Mature fruits can project their 4 to 5 large seeds some distance into the surrounding area. The plant then disappears from the surface until the following spring. Seedlings grown from seed will take about ten years to produce their first flowers.
The total absence of green indicates the parasitic nature of the species which, free of chlorophyll, attaches to the roots of the host to harvest the nutrients necessary for its growth. Given that it flowers and produces fruits during the rise of the sap in the spring, the hosts appear to suffer very little from this parasitism.

==Distribution==
Purple toothwort grows mainly in the West and South of Europe, especially Western and Central France, from Western Belgium, where it is locally abundant in the Flemish Ardennes, as far as Northern Spain, with localised populations in Central Italy.
In France, it is found almost exclusively southwest of the Loire river to the Pyrenees, with an extension north of the Loire to the south-east of Brittany and the departments of Mayenne, Orne and Sarthe. It is protected in some departments, but is relatively common in the wetlands of the department of Charente and Charente-Maritime where it is not protected. In Spain, it occurs mainly in the Cantabrian Cordillera: extending to Galicia, where it is rare.

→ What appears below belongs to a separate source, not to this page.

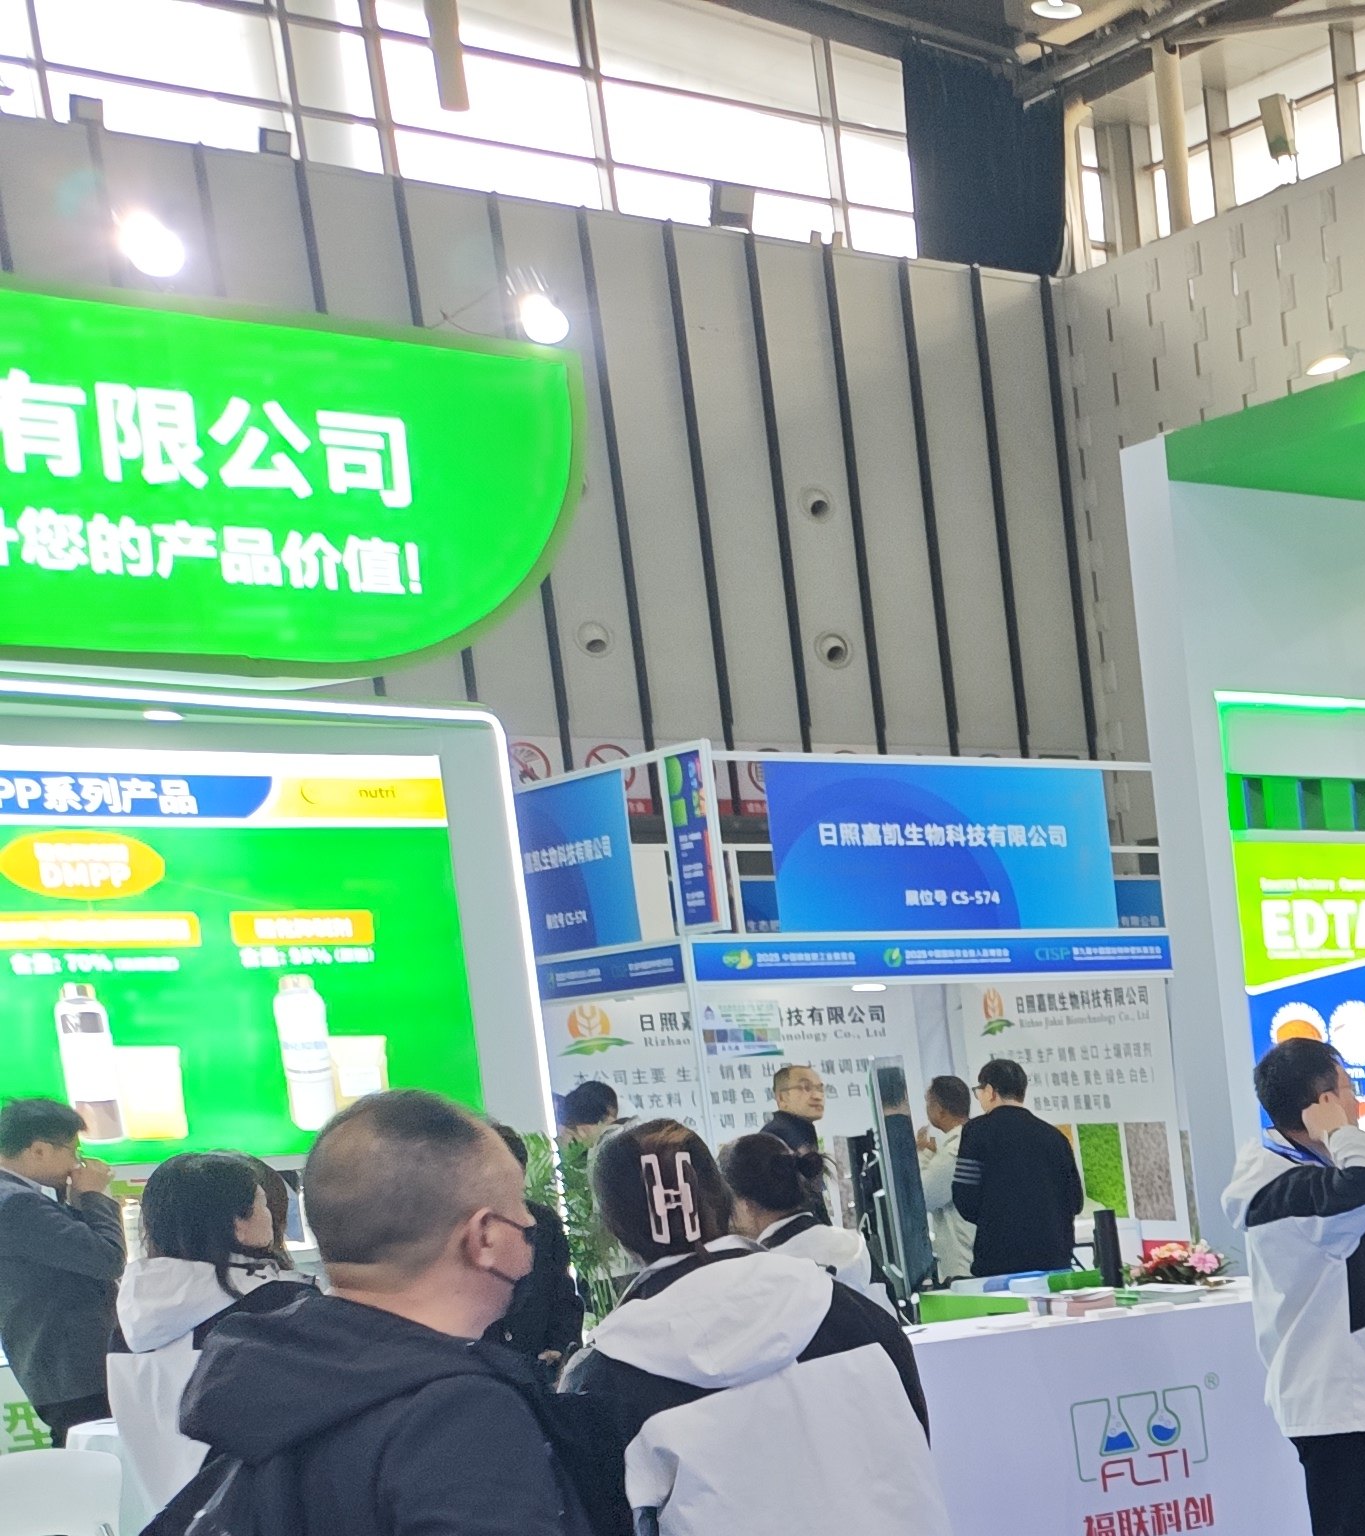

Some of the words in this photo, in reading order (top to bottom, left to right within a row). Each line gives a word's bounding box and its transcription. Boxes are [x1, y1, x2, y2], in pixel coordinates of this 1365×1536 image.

Populations found far from the Franco-Iberian continuous area suggests that they may originally be the result of deliberate or accidental introductions of parasitised trees. The plant can be found elsewhere in France (Alsace), the Netherlands, Italy, Germany and the British Isles, where the plant is locally naturalized in parks and old gardens. At Arduaine Garden in Argyll, in the absence of well-known hosts, it grows on the roots of a variety of ornamental trees and shrubs; in the same garden cats are frequently seen to roll in the flowers and to eat them.

==Habitat==
Lathraea clandestina grows preferentially in damp woodlands of valley bottoms, usually near streams where it parasitizes the roots of various plants: especially the deciduous trees Populus and Salix (poplars and willows). Purple toothwort also has been recorded as parasitising a wide range of other plants, including: Acer, Alnus, Buxus, Carpinus, Corylus, Juglans, Metasequoia, Quercus, Rhododendron, Taxus and even Gunnera.